Most seed companies highlight perennials that will flower the first year if sown early enough in spring, often labelling them as first-year-flowering. Many of these are well worth growing, especially if you are just starting a garden and need to fill large areas as cheaply as possible but they should not be ignored by any gardeners. Achilleas are a good choice because they are easy to grow, give great value and I have usually found the plants you get from seed are as good as most named varieties you can buy as plants. In the past I have grown ‘Summer Berries’ and been very pleased with the results. But this year I grew two mixes of the newer ‘Flowerburst’ range: red and lilac. Both these mixes or blends have a wide colour range and I must admit that although I planted some in the rainbow borders, according to whether they were in the pink area or the red and orange, a lot went in a row in the cutting garden to provide lashings of flowers for bunches.

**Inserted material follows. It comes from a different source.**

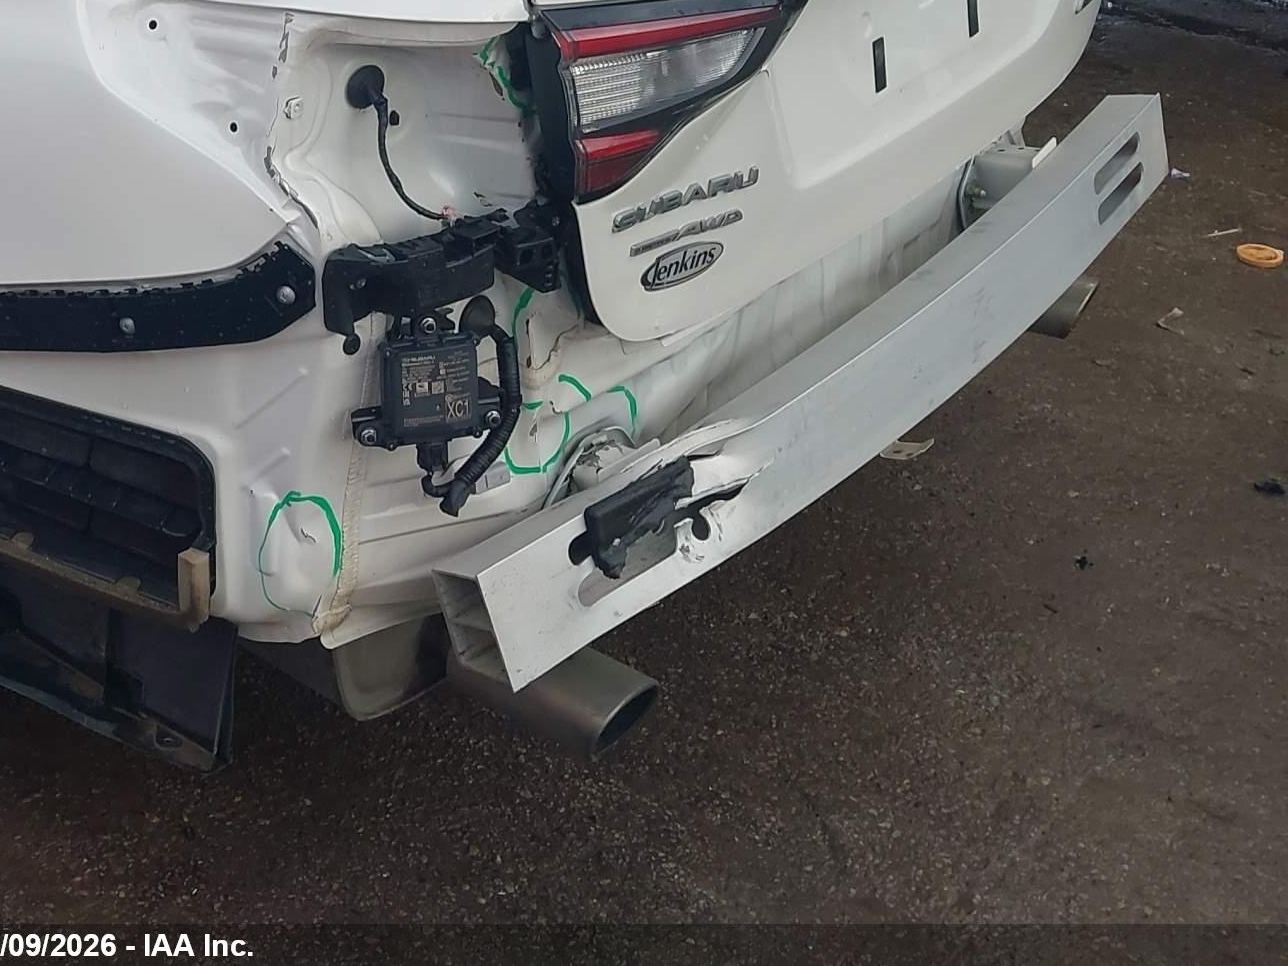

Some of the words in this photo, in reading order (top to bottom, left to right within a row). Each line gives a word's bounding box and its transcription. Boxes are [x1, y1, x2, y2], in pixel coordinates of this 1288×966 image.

[611, 165, 760, 234] SUBARU
[675, 209, 744, 240] AWD
[641, 244, 718, 291] Jenkins
[447, 398, 470, 420] XC1

The seeds were sown in mid February in a heated propagator and the seedlings are quite delicate at first and rather prone to damping off – they need careful watering as they germinate and when they are small. The seed was covered in Perlite and light may be helpful to germination. The seedlings were transplanted into small cells and grown in a cold greenhouse until early April when they had three or four true, ferny leaves and were then put outside. The plants are hardy. It is odd that a plant that is basically a cultivated weed can be so prone to damping off when I actually want it to grow, but I suppose it is naturally a plant of dry and poor soil. The young plants were put in their flowering positions in May and were relieved to be free from their containers and grew amazingly quickly and all are now in bloom – five months after sowing.

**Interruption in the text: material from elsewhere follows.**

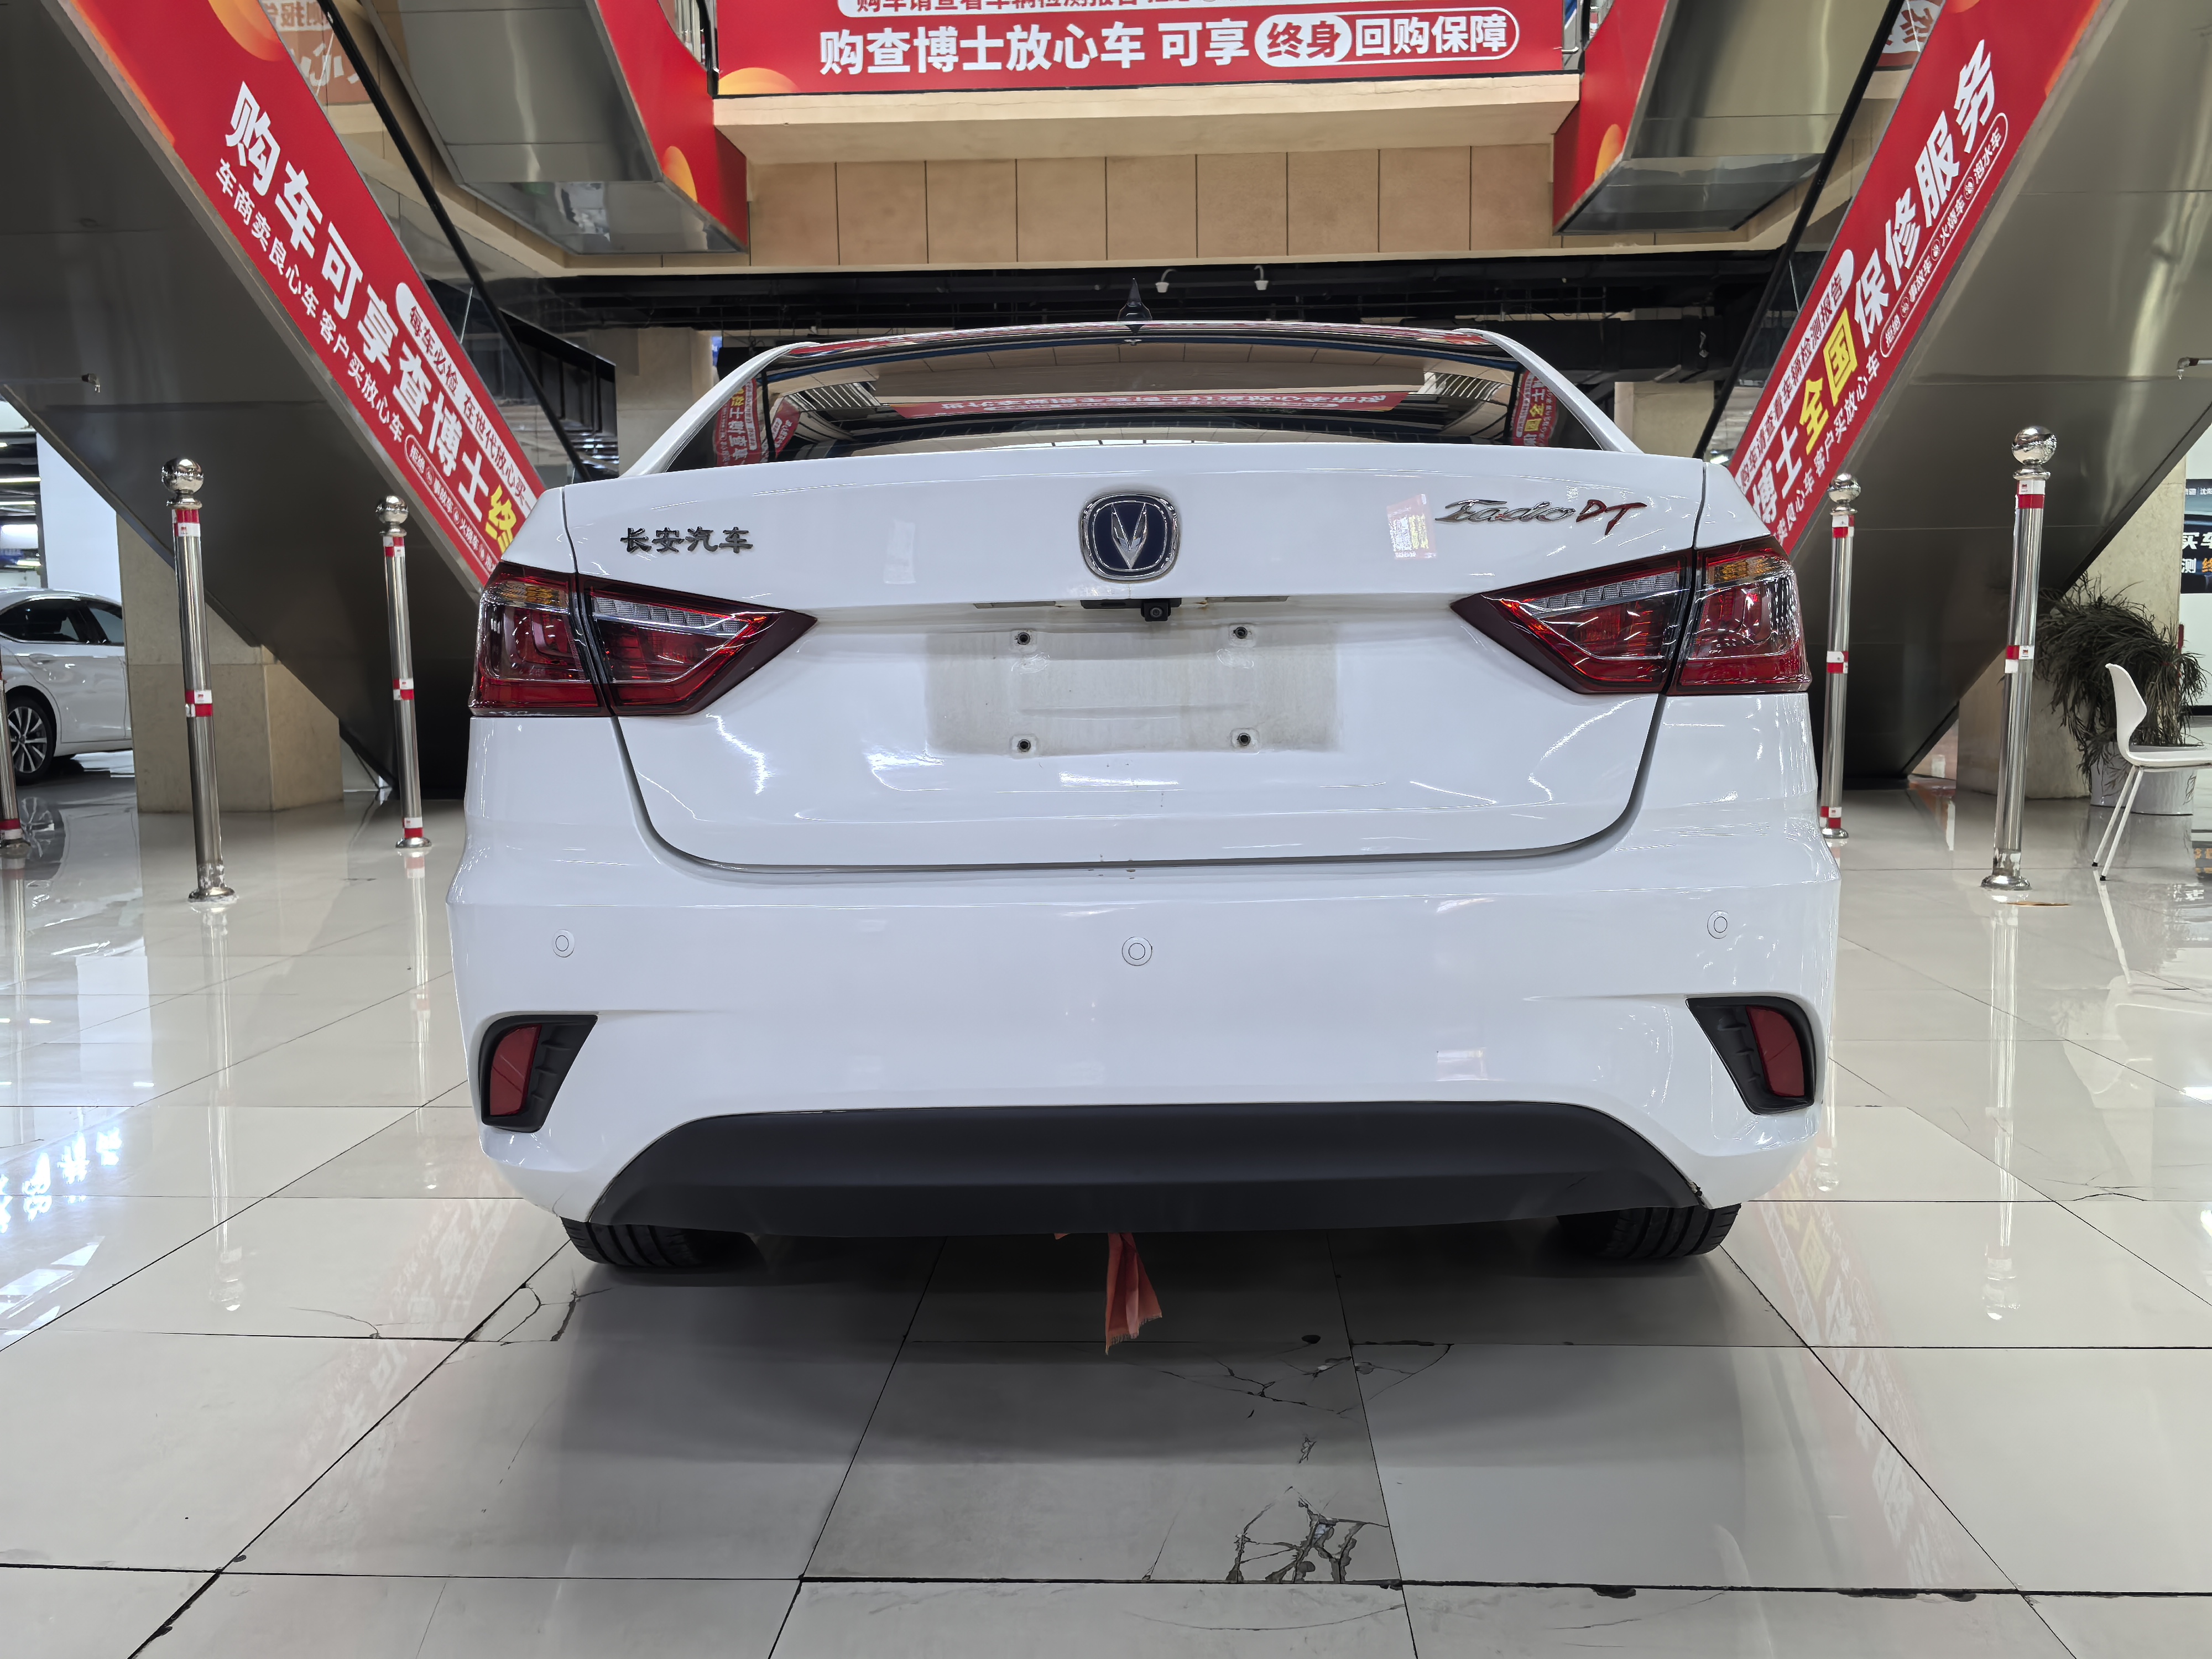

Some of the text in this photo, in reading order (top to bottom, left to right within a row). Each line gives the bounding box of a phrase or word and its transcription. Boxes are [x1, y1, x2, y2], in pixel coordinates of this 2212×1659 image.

The ‘Flowerburst’ range is bred by Sahin (from Denmark)/Takii (the Japanese parent company) and is an F2 hybrid meaning that the seeds you buy are seedlings from an F1 hybrid. As a result, you cannot expect complete uniformity of habit, colour or flower shape or size. As far as I am aware you can only buy ‘Red Shades’ and ‘Lilac Shades’. It is too early to give a complete review of the plants but these are some initial results. Most of the plants have grey, feathery foliage but some are greener and some are quite silvery. So far there has been no sign of powdery mildew, the only reason I sometimes get fed up with achillea in the garden (apart from when they flop over). A few stems have had a touch of blackfly (aphids) but these can be rubbed off and achilleas always seem to attract these pests on their stems. The habit of the plants is quite uniform and nearly all are 60cm high although their stated height is 70cm – they may achieve this in the next season. Their habit is upright and conical. Some have formed one strong, main stem, which is densely branched down to the base while others have produced many separate shoots from near the base. I have been cutting the stems and by taking out the main stems it has encourage the sideshoots to develop.

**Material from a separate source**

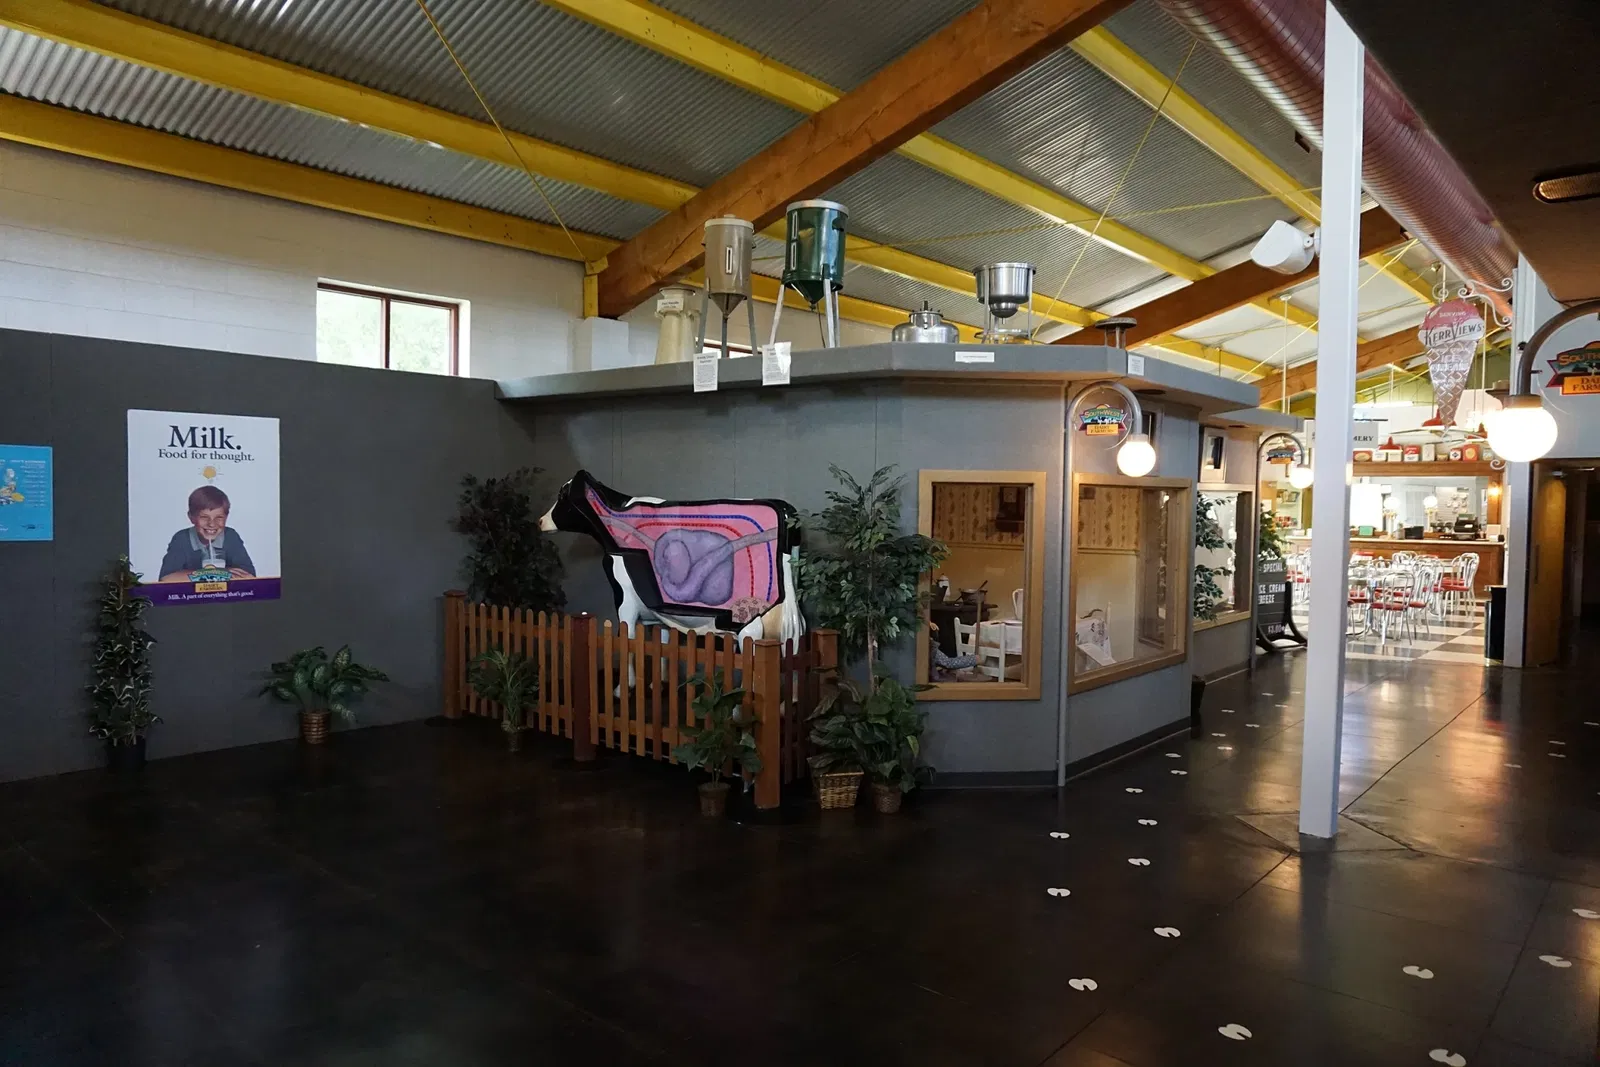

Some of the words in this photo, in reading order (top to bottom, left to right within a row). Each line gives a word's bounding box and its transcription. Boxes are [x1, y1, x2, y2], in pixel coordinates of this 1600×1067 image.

[168, 424, 242, 451] Milk.
[158, 448, 188, 459] Food
[191, 449, 207, 460] for
[209, 450, 255, 464] thought.

But getting down to the nitty gritty, the flowers. There is not one plant that has unpleasant flowers and every one is beautiful. In both mixes the predominant colours are red or pink (there is not much lilac) but there are pale pinks, salmons and a couple of creamy yellows.
The great thing is that even if I do cull a few of the plants I can split and replant the best plants next spring to propagate them. I think some of these can be planted in with the roses next year to create some nice contrasts.
These achilleas are forms of A. millefolium, the tough lawn weed, and they are easy to grow and the flowerheads can be picked and dried for winter use. It is a good idea to deadhead them as the flowers fade not just to promote more flowers but to prevent selfseeding – achillea can seed into lawns and be a nuisance.
Basically the ‘Flowerburst’ series is absolutely fantastic! I am delighted with the plants, the flowers for cutting and the gentle, pastel and stronger colours they are providing in the garden. The seed is widely available so treat yourself to some. They look great in the cottage garden and also with ornamental grasses in a more minimalist planting.
Oh, and bees and butterflies love them.